_Task brief_
Print out each entry below exactly, please.

Supplied information Block Start

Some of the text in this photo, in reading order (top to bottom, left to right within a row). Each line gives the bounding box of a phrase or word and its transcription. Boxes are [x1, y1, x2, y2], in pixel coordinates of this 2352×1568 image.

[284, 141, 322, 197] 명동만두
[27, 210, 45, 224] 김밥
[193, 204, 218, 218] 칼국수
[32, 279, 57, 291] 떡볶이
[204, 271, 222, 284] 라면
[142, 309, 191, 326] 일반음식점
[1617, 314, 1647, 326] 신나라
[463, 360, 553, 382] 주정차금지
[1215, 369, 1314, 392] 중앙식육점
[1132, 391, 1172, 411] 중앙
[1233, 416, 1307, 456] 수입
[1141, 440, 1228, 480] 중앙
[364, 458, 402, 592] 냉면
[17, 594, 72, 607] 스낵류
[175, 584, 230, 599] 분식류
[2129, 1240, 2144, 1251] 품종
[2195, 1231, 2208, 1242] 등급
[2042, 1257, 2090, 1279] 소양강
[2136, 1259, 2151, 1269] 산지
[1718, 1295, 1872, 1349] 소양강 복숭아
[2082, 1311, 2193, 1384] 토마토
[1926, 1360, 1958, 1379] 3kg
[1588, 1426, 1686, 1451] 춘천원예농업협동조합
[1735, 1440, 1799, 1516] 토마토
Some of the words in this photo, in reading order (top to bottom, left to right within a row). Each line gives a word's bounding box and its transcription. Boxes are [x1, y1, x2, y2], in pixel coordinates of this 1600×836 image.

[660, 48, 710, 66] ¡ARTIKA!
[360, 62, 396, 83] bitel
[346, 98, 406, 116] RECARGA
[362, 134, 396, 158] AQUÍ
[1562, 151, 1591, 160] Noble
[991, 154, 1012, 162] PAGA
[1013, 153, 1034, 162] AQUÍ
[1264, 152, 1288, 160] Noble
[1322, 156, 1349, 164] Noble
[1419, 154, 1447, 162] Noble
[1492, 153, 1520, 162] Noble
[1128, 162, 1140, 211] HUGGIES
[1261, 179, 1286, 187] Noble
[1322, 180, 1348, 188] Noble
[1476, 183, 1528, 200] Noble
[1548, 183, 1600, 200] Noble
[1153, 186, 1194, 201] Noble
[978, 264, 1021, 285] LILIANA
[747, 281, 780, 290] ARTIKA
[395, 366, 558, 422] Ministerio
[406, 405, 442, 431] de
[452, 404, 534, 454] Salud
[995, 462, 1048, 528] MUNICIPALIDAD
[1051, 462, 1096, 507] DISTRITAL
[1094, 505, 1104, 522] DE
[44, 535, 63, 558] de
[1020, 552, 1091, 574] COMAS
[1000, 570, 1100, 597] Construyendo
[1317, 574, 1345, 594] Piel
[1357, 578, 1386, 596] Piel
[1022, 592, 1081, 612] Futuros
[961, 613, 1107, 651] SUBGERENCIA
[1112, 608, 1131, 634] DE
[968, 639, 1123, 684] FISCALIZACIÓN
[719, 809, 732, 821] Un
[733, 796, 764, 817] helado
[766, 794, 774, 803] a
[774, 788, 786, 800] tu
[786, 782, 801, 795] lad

Supplied information Block End

_Result for this exercise_
Some of the text in this photo, in reading order (top to bottom, left to right within a row). Each line gives the bounding box of a phrase or word and its transcription. Boxes are [x1, y1, x2, y2], in pixel coordinates of this 2352×1568 image.

[284, 141, 322, 197] 명동만두
[27, 210, 45, 224] 김밥
[193, 204, 218, 218] 칼국수
[32, 279, 57, 291] 떡볶이
[204, 271, 222, 284] 라면
[142, 309, 191, 326] 일반음식점
[1617, 314, 1647, 326] 신나라
[463, 360, 553, 382] 주정차금지
[1215, 369, 1314, 392] 중앙식육점
[1132, 391, 1172, 411] 중앙
[1233, 416, 1307, 456] 수입
[1141, 440, 1228, 480] 중앙
[364, 458, 402, 592] 냉면
[17, 594, 72, 607] 스낵류
[175, 584, 230, 599] 분식류
[2129, 1240, 2144, 1251] 품종
[2195, 1231, 2208, 1242] 등급
[2042, 1257, 2090, 1279] 소양강
[2136, 1259, 2151, 1269] 산지
[1718, 1295, 1872, 1349] 소양강 복숭아
[2082, 1311, 2193, 1384] 토마토
[1926, 1360, 1958, 1379] 3kg
[1588, 1426, 1686, 1451] 춘천원예농업협동조합
[1735, 1440, 1799, 1516] 토마토
Some of the words in this photo, in reading order (top to bottom, left to right within a row). Each line gives a word's bounding box and its transcription. Boxes are [x1, y1, x2, y2], in pixel coordinates of this 1600×836 image.

[660, 48, 710, 66] ¡ARTIKA!
[360, 62, 396, 83] bitel
[346, 98, 406, 116] RECARGA
[362, 134, 396, 158] AQUÍ
[1562, 151, 1591, 160] Noble
[991, 154, 1012, 162] PAGA
[1013, 153, 1034, 162] AQUÍ
[1264, 152, 1288, 160] Noble
[1322, 156, 1349, 164] Noble
[1419, 154, 1447, 162] Noble
[1492, 153, 1520, 162] Noble
[1128, 162, 1140, 211] HUGGIES
[1261, 179, 1286, 187] Noble
[1322, 180, 1348, 188] Noble
[1476, 183, 1528, 200] Noble
[1548, 183, 1600, 200] Noble
[1153, 186, 1194, 201] Noble
[978, 264, 1021, 285] LILIANA
[747, 281, 780, 290] ARTIKA
[395, 366, 558, 422] Ministerio
[406, 405, 442, 431] de
[452, 404, 534, 454] Salud
[995, 462, 1048, 528] MUNICIPALIDAD
[1051, 462, 1096, 507] DISTRITAL
[1094, 505, 1104, 522] DE
[44, 535, 63, 558] de
[1020, 552, 1091, 574] COMAS
[1000, 570, 1100, 597] Construyendo
[1317, 574, 1345, 594] Piel
[1357, 578, 1386, 596] Piel
[1022, 592, 1081, 612] Futuros
[961, 613, 1107, 651] SUBGERENCIA
[1112, 608, 1131, 634] DE
[968, 639, 1123, 684] FISCALIZACIÓN
[719, 809, 732, 821] Un
[733, 796, 764, 817] helado
[766, 794, 774, 803] a
[774, 788, 786, 800] tu
[786, 782, 801, 795] lad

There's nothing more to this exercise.